The blood is oxygenized and filtered in the machine and sent back to the aorta thereby maintaining oxygen and nutrient supply to other vital organs. When the heart stops working, the surgeon identifies the block, makes incision (small cut) below the block. He then sutures the graft to that incision. Then the top end of the graft is sutured to the aorta. The left internal mammary artery that comes as a branch from aorta is left connected to its origin, however the distal or far end of the artery is divided for connection to the diseased coronary artery.

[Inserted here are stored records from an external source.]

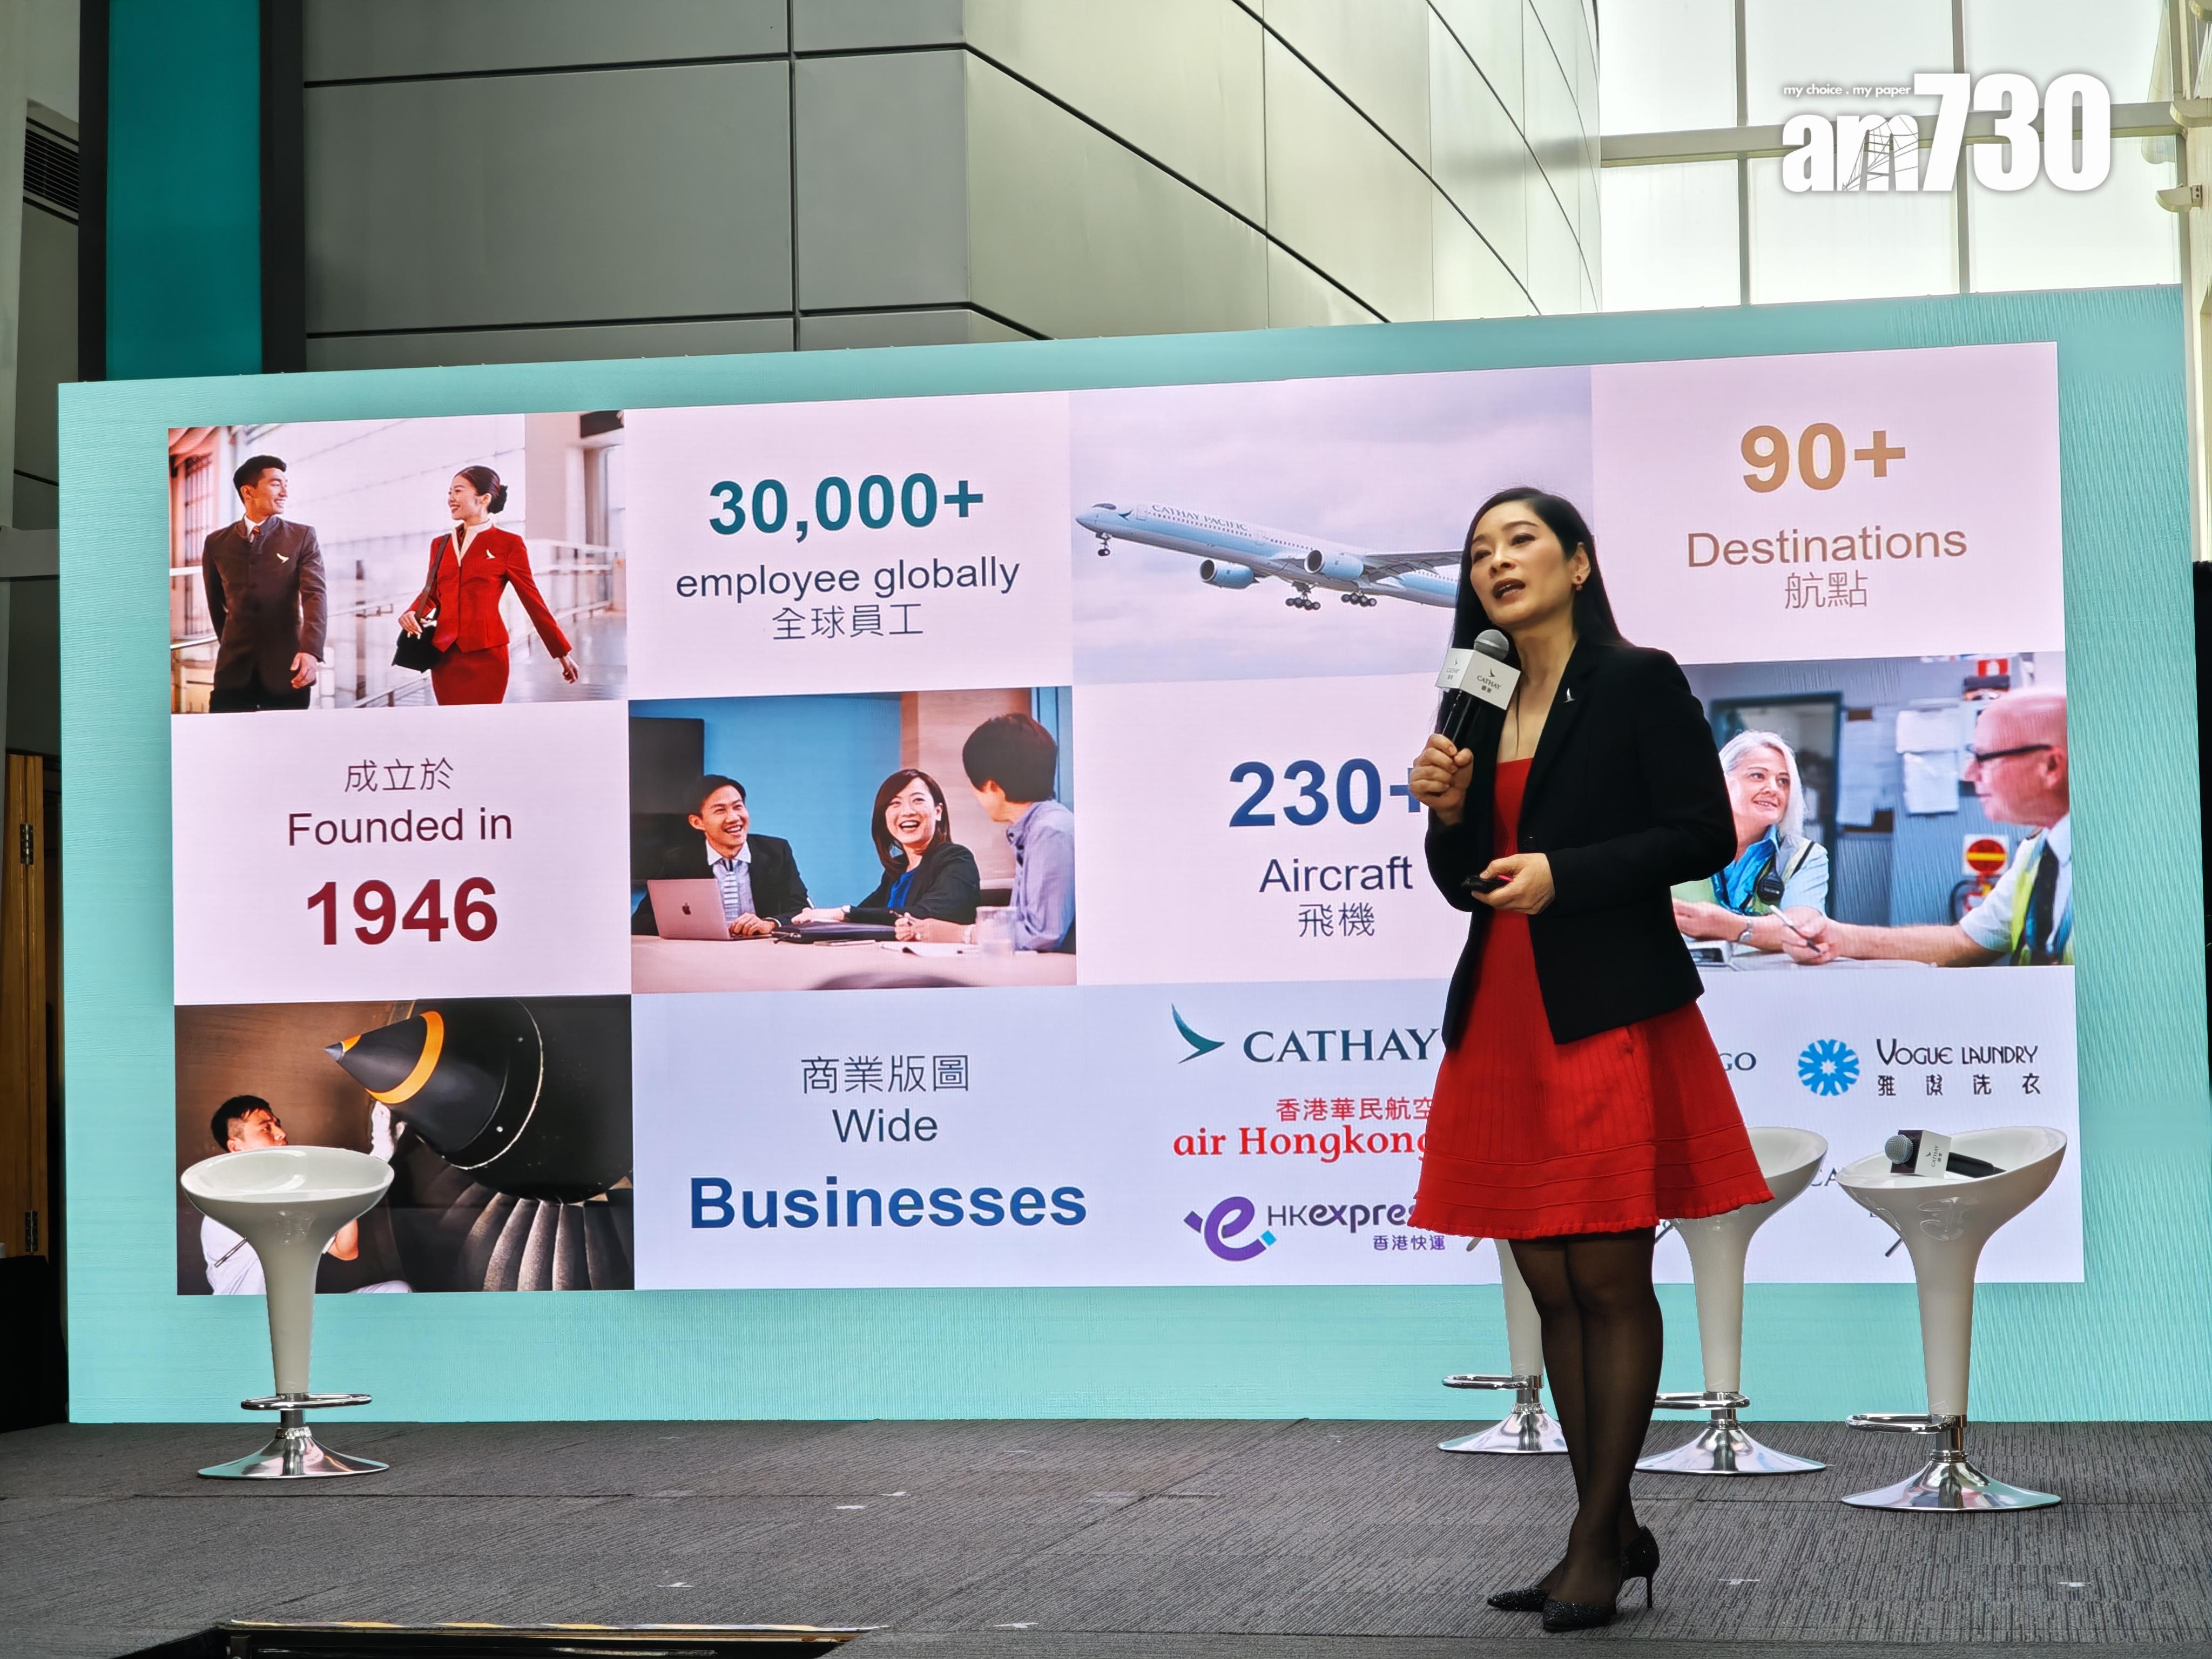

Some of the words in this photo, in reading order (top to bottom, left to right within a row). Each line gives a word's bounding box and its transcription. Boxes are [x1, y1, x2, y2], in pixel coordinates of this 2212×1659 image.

[1740, 422, 1906, 493] 90+
[709, 473, 983, 543] 30,000+
[1152, 504, 1199, 520] CATHAY
[1688, 525, 1967, 568] Destinations
[676, 564, 860, 603] employee
[874, 556, 1020, 598] globally
[1785, 569, 1868, 609] 航點
[772, 603, 924, 640] 全球員工
[1476, 675, 1502, 690] CATHAY
[345, 757, 454, 792] 成立於
[288, 808, 463, 846] Founded
[480, 807, 512, 840] in
[1259, 855, 1413, 893] Aircraft
[307, 876, 497, 945] 1946
[1298, 902, 1375, 938] 飛機
[1243, 1028, 1440, 1063] CATHAY
[1876, 1038, 1953, 1065] VOGUE
[1961, 1046, 2038, 1064] LAUNDRY
[801, 1055, 969, 1094] 商業版圖
[832, 1108, 938, 1143] Wide
[1276, 1096, 1432, 1122] 香港華民航空
[1174, 1128, 1226, 1156] air
[691, 1176, 1087, 1229] Businesses
[1267, 1204, 1415, 1233] HKexpre
[1373, 1235, 1446, 1251] 香港快運

When all the grafts are in place and sutured, the heart is allowed to fill with blood and the heart lung machine is slowly weaned off. The surgeons make sure that there are no leaks in the connection between the graft and the aorta. Once the heart regains its function the pacing wires and drainage tubes are placed in the chest cavity to drain any fluid that normally collects after the procedure. The ribs are usually brought together and closed together with sternal wires and the rest of the muscles are closed in layers. The graft-harvested area is also sutured or closed in layers.
Following the surgery the chest wound is cleaned of the blood marks and dressed. The leg wound is dressed and bandaged with pressure to prevent swelling or limb edema.
Throughout the procedure an anesthesiologist will monitor the blood pressure, oxygen saturation and body temperature. Few blood tests may be repeated in intervals, especially when the patient is connected to the bypass machine.
Off-Pump Coronary Artery Bypass (OPCAB) Surgery - The same procedure can be performed without the use of the heart lung machine. It is often called as OPCAB or Off-Pump coronary artery bypass. This procedure can be performed when the heart is still beating.
Exposure of the heart is done by cutting the sternum open. Then a stabilizing device is used to hold and stabilize pertinent regions of the myocardium or heart muscle. Beating heart has to be handled very carefully, hence the lesions present on the front or anterior side is easier to graft as opposed to the ones on the lateral or posterior sides. Similar restrictions can be found in minimally invasive procedure, where the incision is made on the left side of the chest. A part of the ribcage is removed making the anterior part of the heart accessible. Patients with single vessel disease, who need one or two grafts, can be opted for OPCAB procedures.